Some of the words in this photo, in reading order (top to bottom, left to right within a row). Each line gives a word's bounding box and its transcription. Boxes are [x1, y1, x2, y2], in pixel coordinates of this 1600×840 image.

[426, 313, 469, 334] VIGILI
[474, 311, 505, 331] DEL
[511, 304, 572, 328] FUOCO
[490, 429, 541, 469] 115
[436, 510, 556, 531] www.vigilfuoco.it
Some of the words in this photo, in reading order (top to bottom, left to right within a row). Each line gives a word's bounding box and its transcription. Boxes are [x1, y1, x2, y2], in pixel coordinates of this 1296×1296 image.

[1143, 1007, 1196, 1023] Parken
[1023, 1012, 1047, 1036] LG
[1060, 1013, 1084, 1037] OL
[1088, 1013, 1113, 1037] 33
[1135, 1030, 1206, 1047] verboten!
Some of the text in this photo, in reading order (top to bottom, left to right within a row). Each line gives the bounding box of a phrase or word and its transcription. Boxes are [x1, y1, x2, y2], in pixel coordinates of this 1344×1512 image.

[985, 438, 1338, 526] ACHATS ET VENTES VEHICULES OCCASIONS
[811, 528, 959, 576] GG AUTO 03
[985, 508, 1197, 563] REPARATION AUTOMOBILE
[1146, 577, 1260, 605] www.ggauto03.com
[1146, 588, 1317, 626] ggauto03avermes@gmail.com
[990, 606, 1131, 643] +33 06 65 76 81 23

Task directions: Exactly the lines from the one containing "this 1296×1296 image." through the final line of the records must appear in your reply, and no others.

Expected output:
Some of the words in this photo, in reading order (top to bottom, left to right within a row). Each line gives a word's bounding box and its transcription. Boxes are [x1, y1, x2, y2], in pixel coordinates of this 1296×1296 image.

[1143, 1007, 1196, 1023] Parken
[1023, 1012, 1047, 1036] LG
[1060, 1013, 1084, 1037] OL
[1088, 1013, 1113, 1037] 33
[1135, 1030, 1206, 1047] verboten!
Some of the text in this photo, in reading order (top to bottom, left to right within a row). Each line gives the bounding box of a phrase or word and its transcription. Boxes are [x1, y1, x2, y2], in pixel coordinates of this 1344×1512 image.

[985, 438, 1338, 526] ACHATS ET VENTES VEHICULES OCCASIONS
[811, 528, 959, 576] GG AUTO 03
[985, 508, 1197, 563] REPARATION AUTOMOBILE
[1146, 577, 1260, 605] www.ggauto03.com
[1146, 588, 1317, 626] ggauto03avermes@gmail.com
[990, 606, 1131, 643] +33 06 65 76 81 23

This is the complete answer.